Camp Half-Blood Confidential (The Trials of Apollo)

 

 

‌Recently recovered from a massive spiderweb deep within the bowels of Rome, this priceless forty-foot-tall chryselephantinestatue of the goddess Athena is accessorized with a sphinx-and-griffin crown, a handheld statue of the goddess Nike, a shield, and a snake. It exudes its

protective and somewhat fierce magic from its new home atop Half- Blood Hill.

 

 

Ask anyone here and they’ll tell you I’m a levelheaded guy. Big on logic, small on drama. A think-first, leap-second sort of demigod. Comes with being Athena’s kid, I guess.

So I was a little freaked-out when the visions started hitting me.

Demigods have nightmares regularly—as you’ll find out soon enough, I’m afraid. But these visions would happen when I was awake. I’d be walking along, not a care in the world, when—BAM! My brain would be flooded with images of some ancient Greek festival. I saw athletic events like in the Olympics, plus musical contests, poetry readings, and even beauty pageants. I witnessed winners receiving amphorae of olive oil (super valuable back then). I watched a parade that ended with a life-size wooden statue of Athena being ceremoniously draped with a huge colorful cloth.

This mental slide show scrolled through my mind on four separate occasions. By the fourth rerun, I wanted answers. One, what the heck was this festival? Two, where were the visions coming from? And three, why was I having them?

I got the answer to the first question by doing a little digging in our cabin’s research library. Buried in one book was a description of a festival called the Great Panathenaia that was held every four years in Athens in honor of my mother. I learned that the wooden statue was the Athena Polias, meaning Athena “of the city,” and the cloth was a special peplos (a versatile garment that could be worn as a floor-length skirt, a top-and- skirt ensemble, a shawl, or—Gods, I sound like Valentina! Sorry!) woven with images depicting Athena’s greatest triumphs, like the time she defeated the giant Enceladus.

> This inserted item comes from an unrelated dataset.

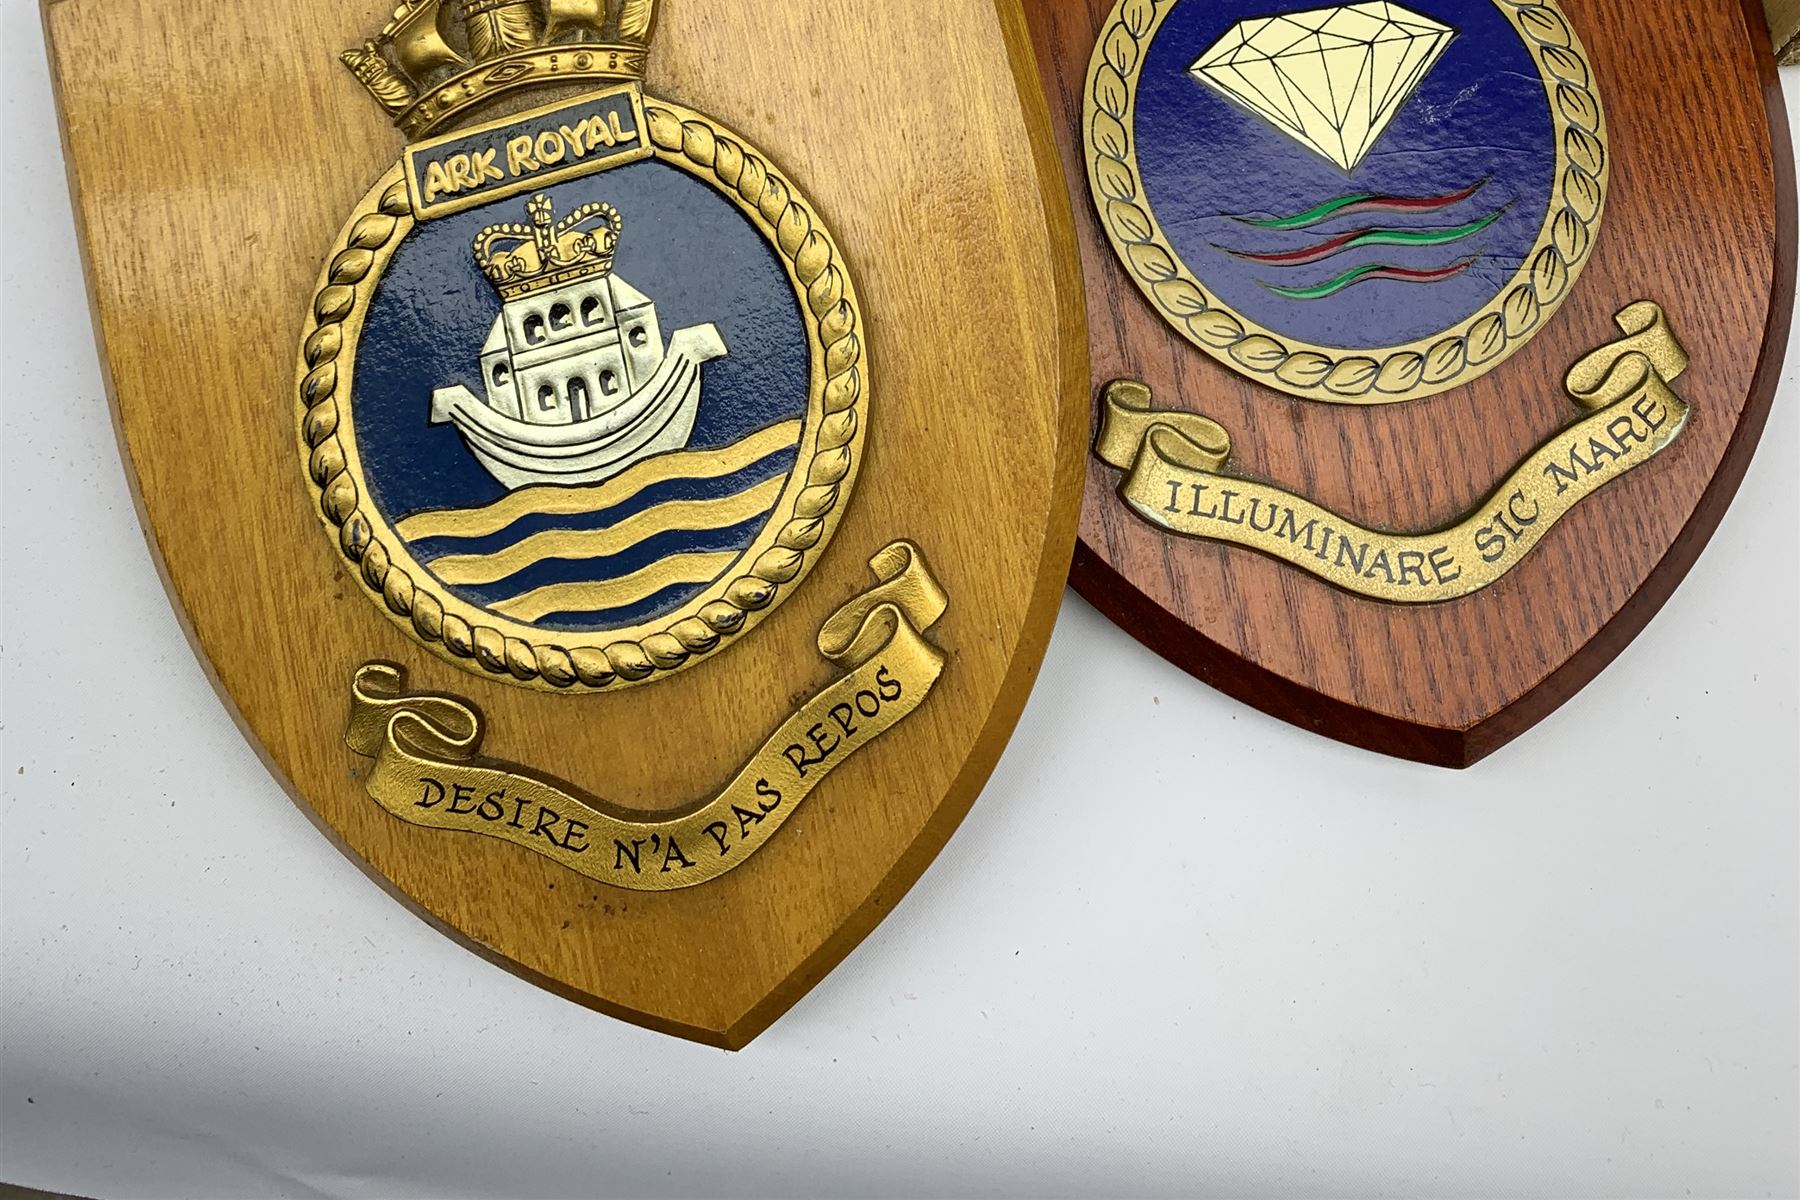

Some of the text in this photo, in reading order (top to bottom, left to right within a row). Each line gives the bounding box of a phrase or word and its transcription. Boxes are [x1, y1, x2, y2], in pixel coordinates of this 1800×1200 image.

[424, 111, 637, 202] ARK ROYAL
[1164, 392, 1668, 586] ILLUMINARE SIC MARE
[414, 665, 903, 874] DESIRE N'A PAS REPOS
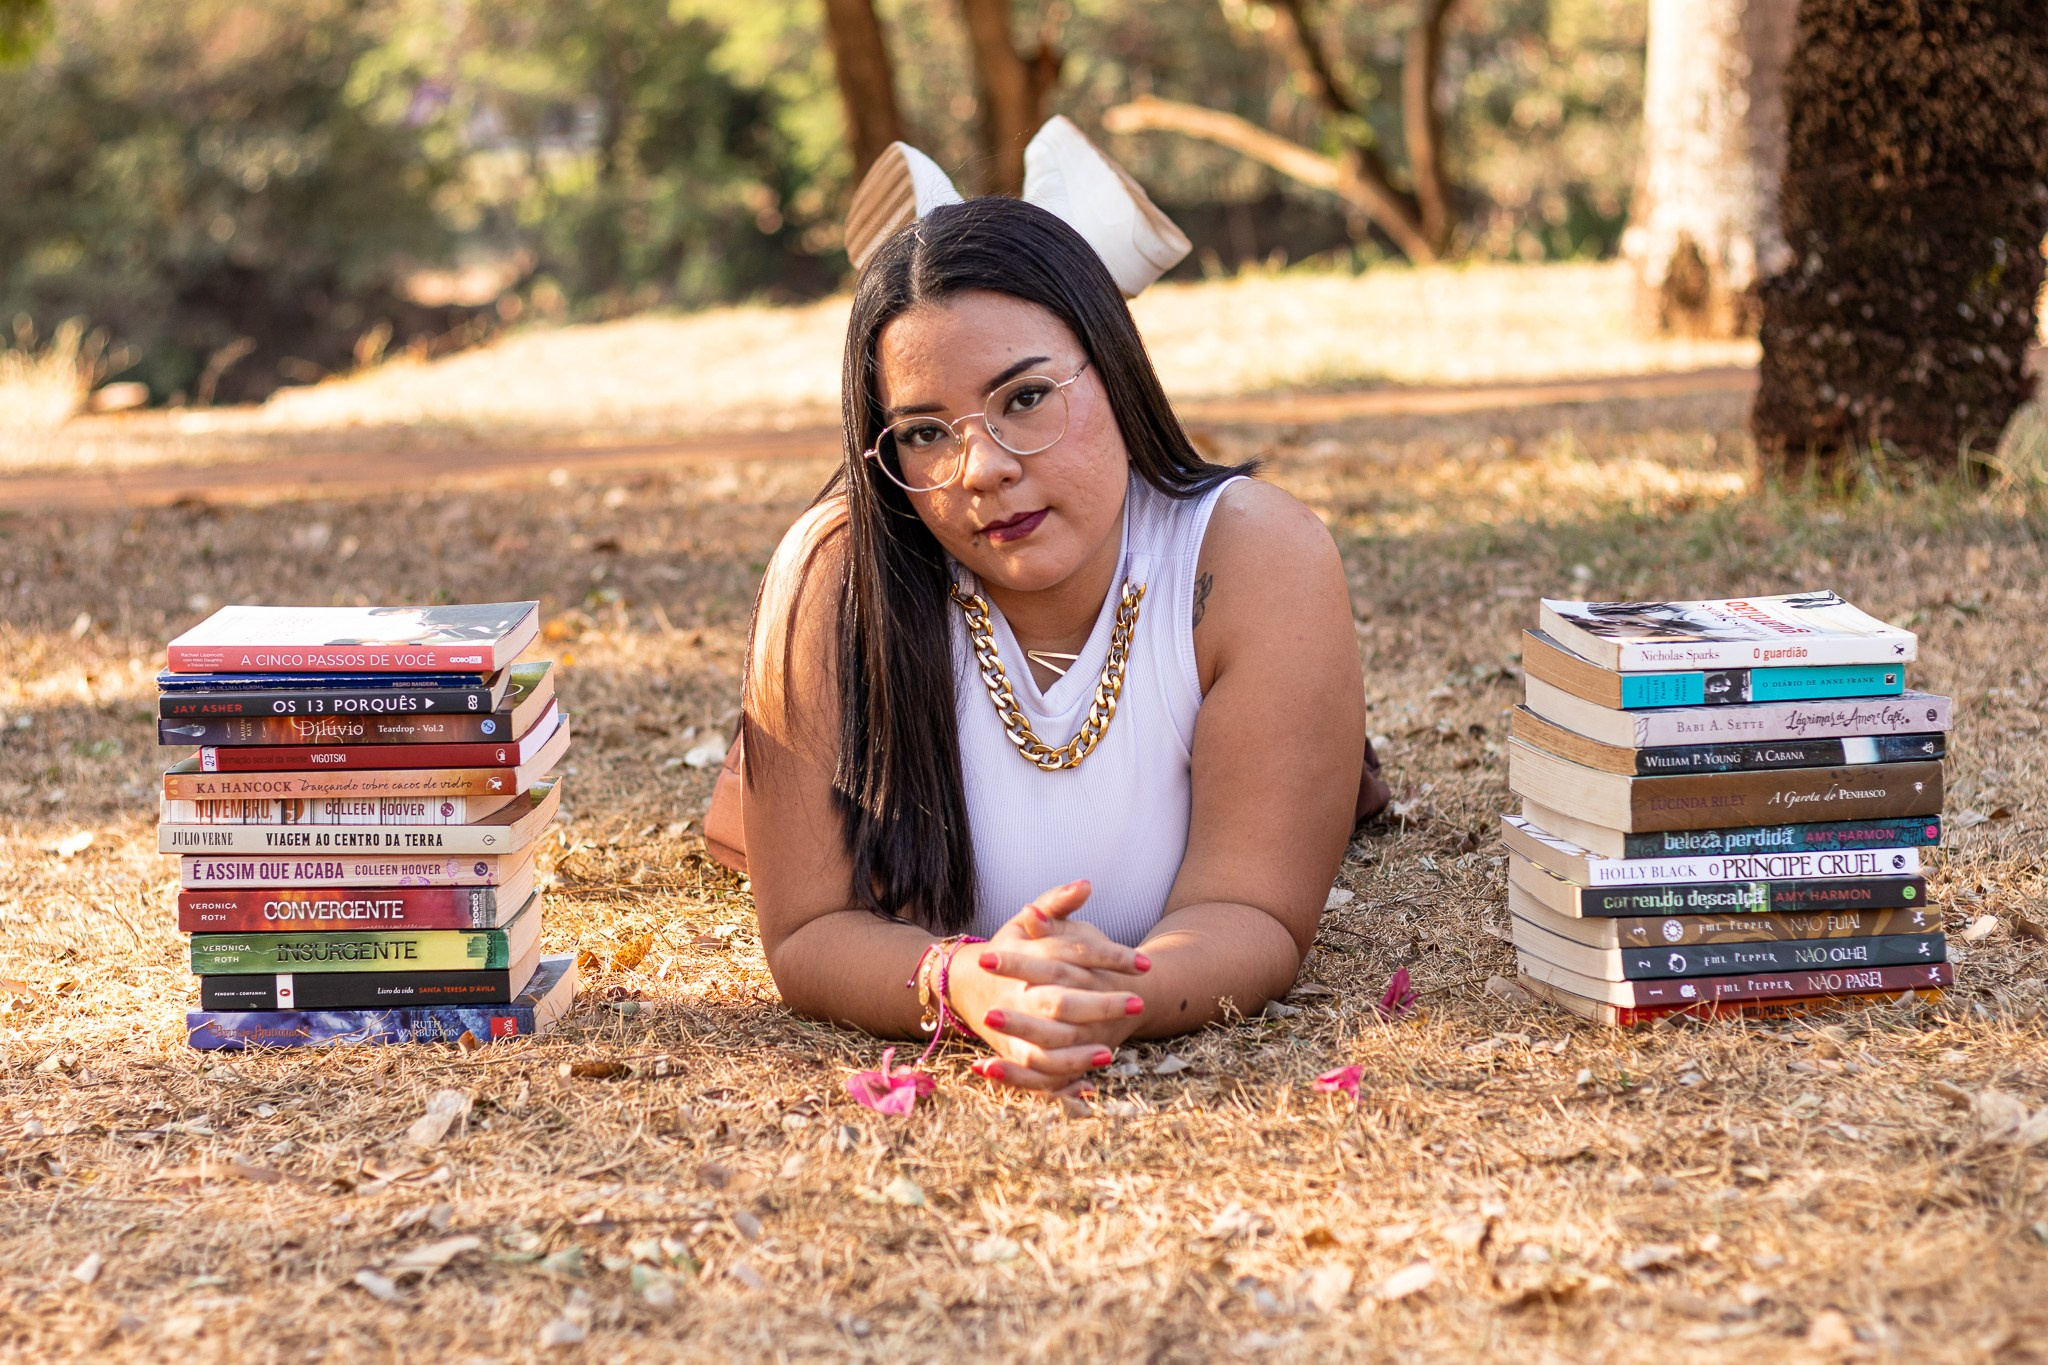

So I’d been seeing the Great Panathenaia. Now I just had to figure out where the visions were coming from and why I was seeing them.

The “where” proved surprisingly easy to solve. Every time the visions hit me, I was near Half-Blood Hill. Therefore, my logical brain told me, something in that area was causing the visions. Conclusion: the something was the Athena Parthenos.

If you don’t believe that’s possible, just go up to Half-Blood Hill and experience the Athena Parthenos’s power for yourself. The statue radiates magic. Its eyes follow you. It’s so lifelike, you expect it to speak. Trust

me, once you feel its power, you’ll understand why I decided the statue was channeling the pictures from the past into my head.

So that left the question of why. I explored several possibilities but kept coming back to one: Mom was giving me a not-so-subtle hint. I deduced she missed having a festival dedicated just to her. I further deduced she wanted me to resurrect that festival here at Camp Half- Blood. She would never come right out and tell me that, of course.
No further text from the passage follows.